Start of Excerpted data

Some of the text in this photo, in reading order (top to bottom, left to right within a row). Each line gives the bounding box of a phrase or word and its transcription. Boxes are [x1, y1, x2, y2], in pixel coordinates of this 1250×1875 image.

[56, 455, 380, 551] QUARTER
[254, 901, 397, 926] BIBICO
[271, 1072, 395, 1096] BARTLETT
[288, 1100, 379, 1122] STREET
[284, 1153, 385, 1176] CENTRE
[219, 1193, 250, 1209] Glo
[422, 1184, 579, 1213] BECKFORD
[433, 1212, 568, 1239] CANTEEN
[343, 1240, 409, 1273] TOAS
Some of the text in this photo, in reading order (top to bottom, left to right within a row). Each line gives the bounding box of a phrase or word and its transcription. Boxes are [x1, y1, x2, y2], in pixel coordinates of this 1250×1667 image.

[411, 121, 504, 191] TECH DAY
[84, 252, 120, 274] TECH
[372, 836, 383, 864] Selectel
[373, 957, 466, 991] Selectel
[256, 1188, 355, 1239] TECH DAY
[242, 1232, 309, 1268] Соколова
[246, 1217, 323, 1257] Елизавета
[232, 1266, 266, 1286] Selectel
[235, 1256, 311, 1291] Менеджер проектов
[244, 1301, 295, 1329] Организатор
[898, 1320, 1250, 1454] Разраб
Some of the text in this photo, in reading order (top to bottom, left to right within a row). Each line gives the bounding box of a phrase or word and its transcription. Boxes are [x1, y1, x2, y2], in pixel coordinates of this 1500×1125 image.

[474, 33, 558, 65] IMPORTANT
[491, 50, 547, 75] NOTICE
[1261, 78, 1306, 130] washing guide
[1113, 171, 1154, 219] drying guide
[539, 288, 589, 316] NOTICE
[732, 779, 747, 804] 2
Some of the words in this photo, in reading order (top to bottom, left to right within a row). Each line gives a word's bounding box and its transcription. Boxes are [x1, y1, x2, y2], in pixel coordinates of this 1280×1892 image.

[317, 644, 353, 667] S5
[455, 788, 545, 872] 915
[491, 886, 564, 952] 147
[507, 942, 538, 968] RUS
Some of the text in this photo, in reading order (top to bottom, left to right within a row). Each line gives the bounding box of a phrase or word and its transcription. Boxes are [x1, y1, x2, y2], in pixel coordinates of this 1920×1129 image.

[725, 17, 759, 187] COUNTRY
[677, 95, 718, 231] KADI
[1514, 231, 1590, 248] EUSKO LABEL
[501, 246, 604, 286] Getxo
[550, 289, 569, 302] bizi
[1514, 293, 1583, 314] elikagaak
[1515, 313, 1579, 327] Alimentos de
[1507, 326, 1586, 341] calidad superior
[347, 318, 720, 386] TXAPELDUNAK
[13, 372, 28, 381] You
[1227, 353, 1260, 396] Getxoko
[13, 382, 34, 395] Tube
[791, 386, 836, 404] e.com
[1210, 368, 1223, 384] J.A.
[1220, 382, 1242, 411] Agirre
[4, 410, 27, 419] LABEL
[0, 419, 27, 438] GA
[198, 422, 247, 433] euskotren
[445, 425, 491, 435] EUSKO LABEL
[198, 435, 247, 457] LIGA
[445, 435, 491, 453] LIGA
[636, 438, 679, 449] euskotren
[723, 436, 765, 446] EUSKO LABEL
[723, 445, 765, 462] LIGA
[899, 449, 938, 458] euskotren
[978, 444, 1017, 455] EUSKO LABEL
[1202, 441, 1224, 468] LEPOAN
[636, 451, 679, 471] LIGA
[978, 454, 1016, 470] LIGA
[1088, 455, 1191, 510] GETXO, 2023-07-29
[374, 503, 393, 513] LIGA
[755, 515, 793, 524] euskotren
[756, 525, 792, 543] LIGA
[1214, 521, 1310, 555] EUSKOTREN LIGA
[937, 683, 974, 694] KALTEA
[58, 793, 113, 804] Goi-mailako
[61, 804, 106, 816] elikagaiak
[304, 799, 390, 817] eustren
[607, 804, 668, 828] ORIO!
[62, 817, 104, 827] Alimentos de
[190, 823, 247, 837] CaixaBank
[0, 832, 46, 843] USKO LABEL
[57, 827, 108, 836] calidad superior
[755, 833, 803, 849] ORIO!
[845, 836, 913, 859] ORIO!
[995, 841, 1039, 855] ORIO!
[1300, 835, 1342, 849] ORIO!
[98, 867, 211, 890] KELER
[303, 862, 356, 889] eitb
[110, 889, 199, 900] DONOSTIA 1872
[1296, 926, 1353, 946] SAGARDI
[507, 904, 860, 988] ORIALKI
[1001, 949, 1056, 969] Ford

End of Excerpted data

* [Work task]: Repeat every record above. Each one must match exactly.

* [Written response]:
Some of the text in this photo, in reading order (top to bottom, left to right within a row). Each line gives the bounding box of a phrase or word and its transcription. Boxes are [x1, y1, x2, y2], in pixel coordinates of this 1250×1875 image.

[56, 455, 380, 551] QUARTER
[254, 901, 397, 926] BIBICO
[271, 1072, 395, 1096] BARTLETT
[288, 1100, 379, 1122] STREET
[284, 1153, 385, 1176] CENTRE
[219, 1193, 250, 1209] Glo
[422, 1184, 579, 1213] BECKFORD
[433, 1212, 568, 1239] CANTEEN
[343, 1240, 409, 1273] TOAS
Some of the text in this photo, in reading order (top to bottom, left to right within a row). Each line gives the bounding box of a phrase or word and its transcription. Boxes are [x1, y1, x2, y2], in pixel coordinates of this 1250×1667 image.

[411, 121, 504, 191] TECH DAY
[84, 252, 120, 274] TECH
[372, 836, 383, 864] Selectel
[373, 957, 466, 991] Selectel
[256, 1188, 355, 1239] TECH DAY
[242, 1232, 309, 1268] Соколова
[246, 1217, 323, 1257] Елизавета
[232, 1266, 266, 1286] Selectel
[235, 1256, 311, 1291] Менеджер проектов
[244, 1301, 295, 1329] Организатор
[898, 1320, 1250, 1454] Разраб
Some of the text in this photo, in reading order (top to bottom, left to right within a row). Each line gives the bounding box of a phrase or word and its transcription. Boxes are [x1, y1, x2, y2], in pixel coordinates of this 1500×1125 image.

[474, 33, 558, 65] IMPORTANT
[491, 50, 547, 75] NOTICE
[1261, 78, 1306, 130] washing guide
[1113, 171, 1154, 219] drying guide
[539, 288, 589, 316] NOTICE
[732, 779, 747, 804] 2
Some of the words in this photo, in reading order (top to bottom, left to right within a row). Each line gives a word's bounding box and its transcription. Boxes are [x1, y1, x2, y2], in pixel coordinates of this 1280×1892 image.

[317, 644, 353, 667] S5
[455, 788, 545, 872] 915
[491, 886, 564, 952] 147
[507, 942, 538, 968] RUS
Some of the text in this photo, in reading order (top to bottom, left to right within a row). Each line gives the bounding box of a phrase or word and its transcription. Boxes are [x1, y1, x2, y2], in pixel coordinates of this 1920×1129 image.

[725, 17, 759, 187] COUNTRY
[677, 95, 718, 231] KADI
[1514, 231, 1590, 248] EUSKO LABEL
[501, 246, 604, 286] Getxo
[550, 289, 569, 302] bizi
[1514, 293, 1583, 314] elikagaak
[1515, 313, 1579, 327] Alimentos de
[1507, 326, 1586, 341] calidad superior
[347, 318, 720, 386] TXAPELDUNAK
[13, 372, 28, 381] You
[1227, 353, 1260, 396] Getxoko
[13, 382, 34, 395] Tube
[791, 386, 836, 404] e.com
[1210, 368, 1223, 384] J.A.
[1220, 382, 1242, 411] Agirre
[4, 410, 27, 419] LABEL
[0, 419, 27, 438] GA
[198, 422, 247, 433] euskotren
[445, 425, 491, 435] EUSKO LABEL
[198, 435, 247, 457] LIGA
[445, 435, 491, 453] LIGA
[636, 438, 679, 449] euskotren
[723, 436, 765, 446] EUSKO LABEL
[723, 445, 765, 462] LIGA
[899, 449, 938, 458] euskotren
[978, 444, 1017, 455] EUSKO LABEL
[1202, 441, 1224, 468] LEPOAN
[636, 451, 679, 471] LIGA
[978, 454, 1016, 470] LIGA
[1088, 455, 1191, 510] GETXO, 2023-07-29
[374, 503, 393, 513] LIGA
[755, 515, 793, 524] euskotren
[756, 525, 792, 543] LIGA
[1214, 521, 1310, 555] EUSKOTREN LIGA
[937, 683, 974, 694] KALTEA
[58, 793, 113, 804] Goi-mailako
[61, 804, 106, 816] elikagaiak
[304, 799, 390, 817] eustren
[607, 804, 668, 828] ORIO!
[62, 817, 104, 827] Alimentos de
[190, 823, 247, 837] CaixaBank
[0, 832, 46, 843] USKO LABEL
[57, 827, 108, 836] calidad superior
[755, 833, 803, 849] ORIO!
[845, 836, 913, 859] ORIO!
[995, 841, 1039, 855] ORIO!
[1300, 835, 1342, 849] ORIO!
[98, 867, 211, 890] KELER
[303, 862, 356, 889] eitb
[110, 889, 199, 900] DONOSTIA 1872
[1296, 926, 1353, 946] SAGARDI
[507, 904, 860, 988] ORIALKI
[1001, 949, 1056, 969] Ford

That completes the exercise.